Subtarget->hasLSLFast() || FoldToBaseAddr

llvm/test/CodeGen/AArch64/aarch64-fold-lslfast.ll
173–174

These CHECK prefixes can be removed now, if they are all expected to be the same.

llvm/test/CodeGen/AArch64/arm64-addr-mode-folding.ll
195

Make sure to remove the old CHECK lines. It is probably worth updating the check lines in a separate patch, so that just the differences can be shown here.

llvm/test/CodeGen/AArch64/arm64-fold-address.ll
62

This looks like it hasn't been generated properly. It might mean the update script doesn't like the triple.

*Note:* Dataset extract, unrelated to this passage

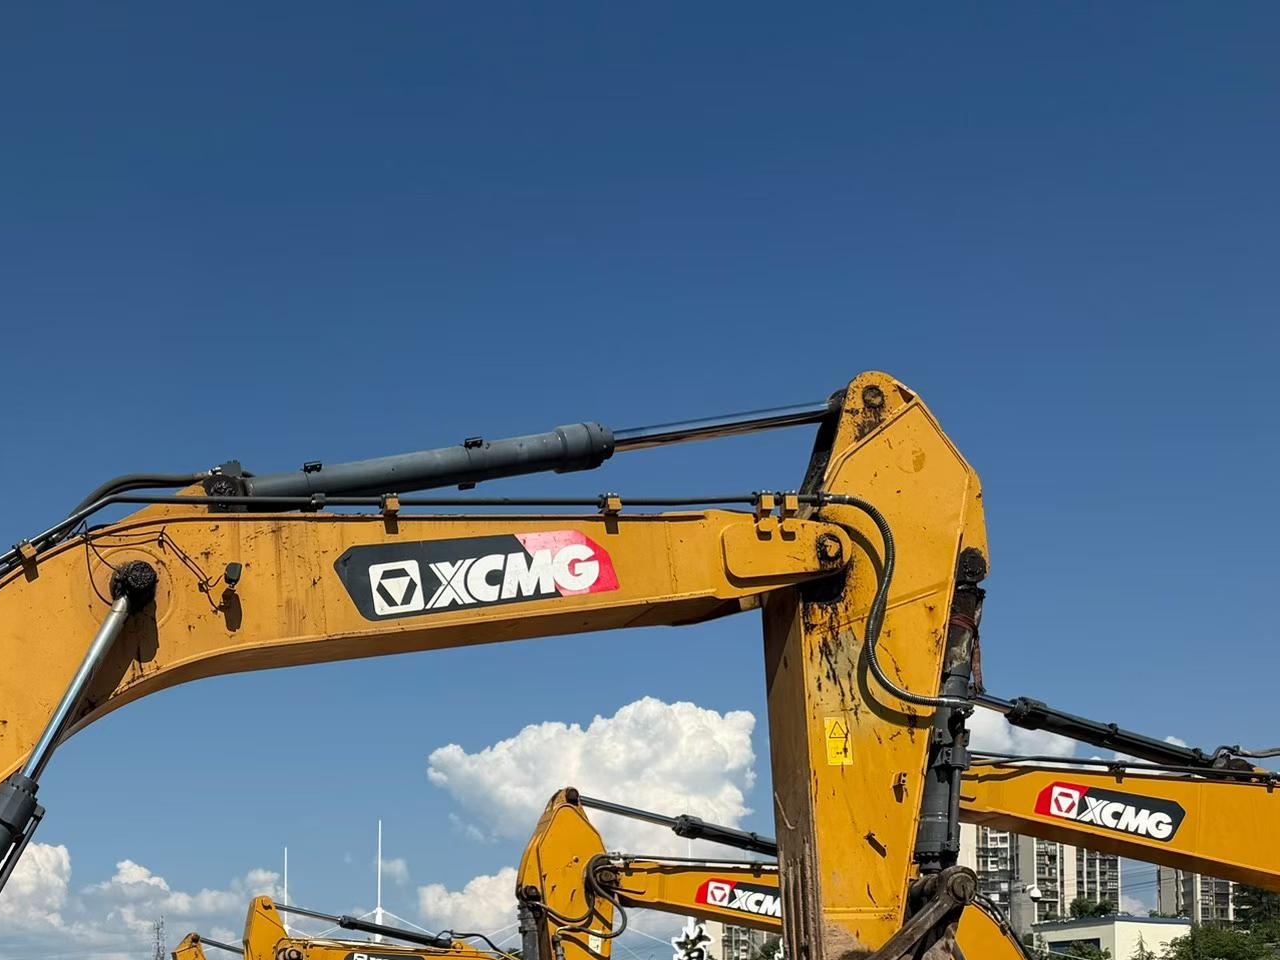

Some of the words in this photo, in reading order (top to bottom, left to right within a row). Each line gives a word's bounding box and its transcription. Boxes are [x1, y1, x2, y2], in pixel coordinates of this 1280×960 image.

[425, 543, 600, 610] XCMG
[1077, 796, 1173, 839] XCMG
[728, 888, 782, 918] XCM

Allen added a comment.Jul 19 2023, 4:11 AM

Agree with @dmgreen, fold small shift into addressing operands don't create the instruction latency and reduce register usage, GCC has done this folding, https://gcc.godbolt.org/z/68zEq8x81

harviniriawan marked 4 inline comments as done.
harviniriawan edited the summary of this revision. (Show Details)

Sorry for the delay. I've been looking at something very related recently (folding extends into address operands), so I may have become overly opinionated.

I think that it makes sense to split LSLFast into an address and alu part, but not as a part of this patch. From the optimization guides it then looks like we have 4 case where it is or isn't better to fold into the addressing operands (with multiple uses):

  • None. The current default. If it has multiple uses don't fold it.
  • LSLFast. The current LSLFast which folds LSL (not extends), and is used for the original cases of LSLFast on Kryo and Falkor.
  • Ext23Fast. Shifts of 2 and 3 (Scales of 4 and 8) are cheap, the other two are not. All extends are cheap. Used for all Arm OoO cores.
  • AllFast. Everything is cheap. Scales of 2 and 16 along with those above. Used for in order cores I think.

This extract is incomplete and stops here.